_Required action_: Please give, word for word, the line containing "this 1848×1855 image." and every line that comes after it in the data below.

_Spatial localization data_:
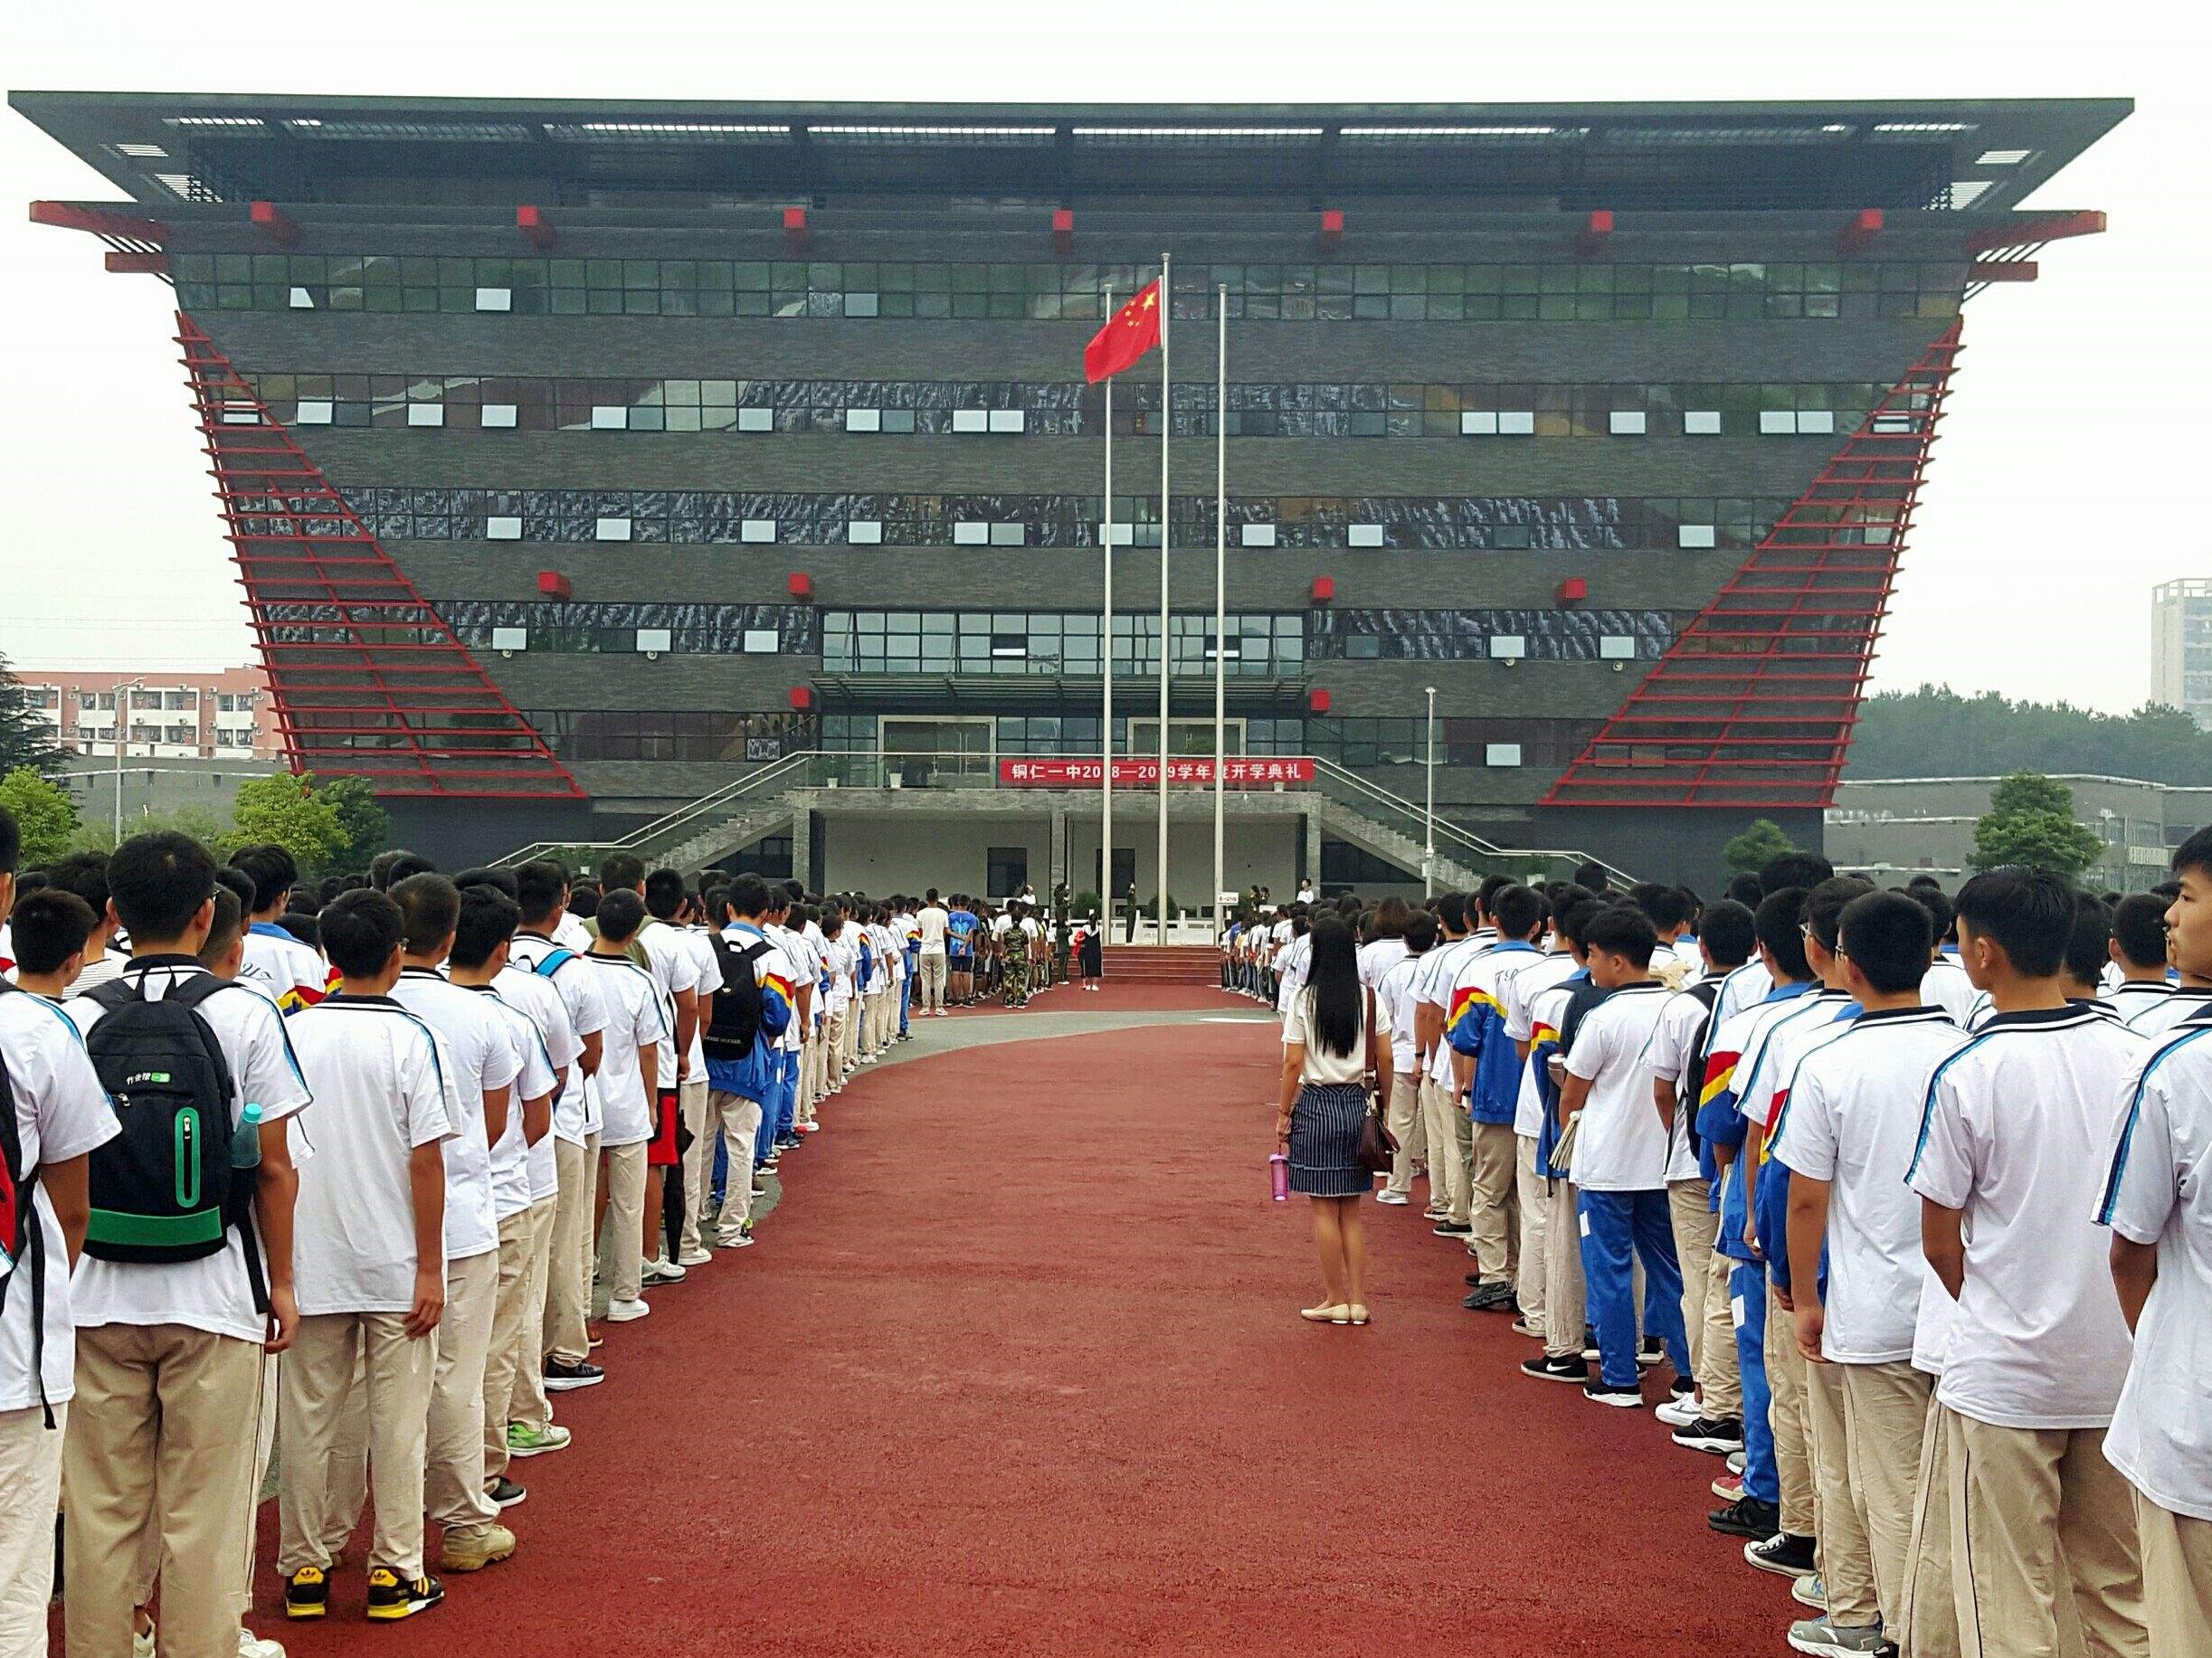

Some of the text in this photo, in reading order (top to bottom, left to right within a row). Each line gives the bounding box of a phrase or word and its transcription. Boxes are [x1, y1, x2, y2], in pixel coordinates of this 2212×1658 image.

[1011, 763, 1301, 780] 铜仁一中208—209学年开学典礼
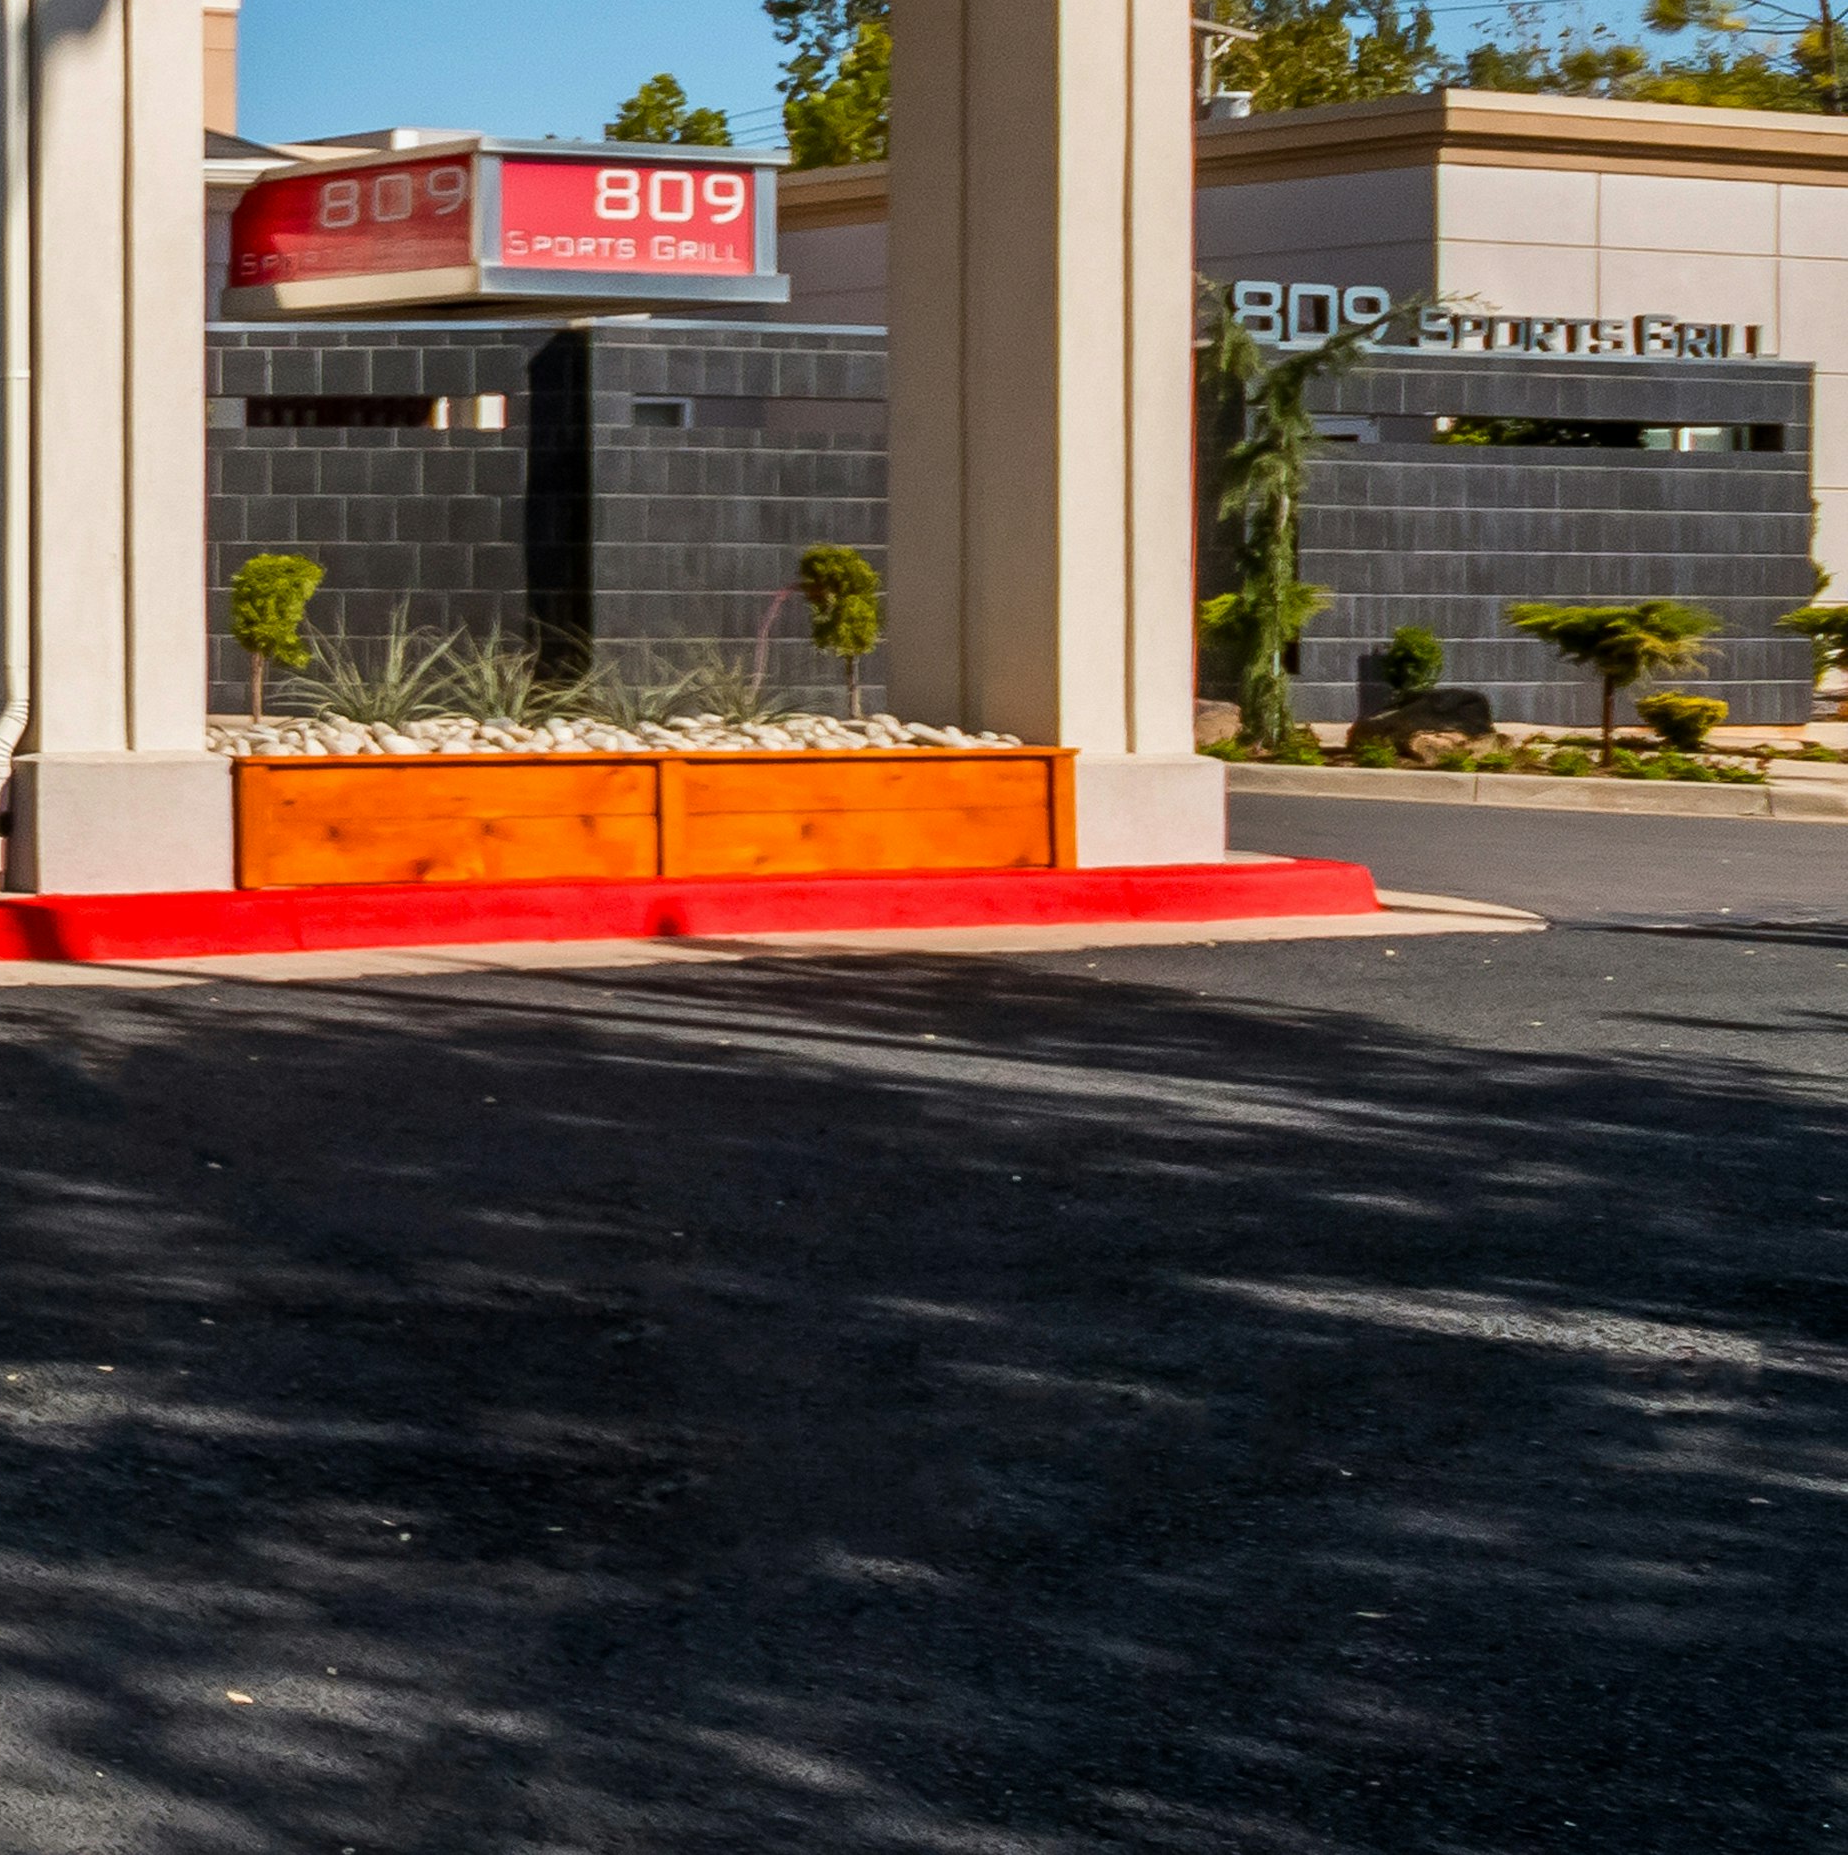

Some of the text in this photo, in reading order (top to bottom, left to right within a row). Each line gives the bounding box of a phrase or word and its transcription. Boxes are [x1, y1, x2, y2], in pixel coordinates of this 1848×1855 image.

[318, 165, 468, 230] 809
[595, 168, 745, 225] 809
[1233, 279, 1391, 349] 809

_Response to this exercise_:
Some of the text in this photo, in reading order (top to bottom, left to right within a row). Each line gives the bounding box of a phrase or word and its transcription. Boxes are [x1, y1, x2, y2], in pixel coordinates of this 1848×1855 image.

[318, 165, 468, 230] 809
[595, 168, 745, 225] 809
[1233, 279, 1391, 349] 809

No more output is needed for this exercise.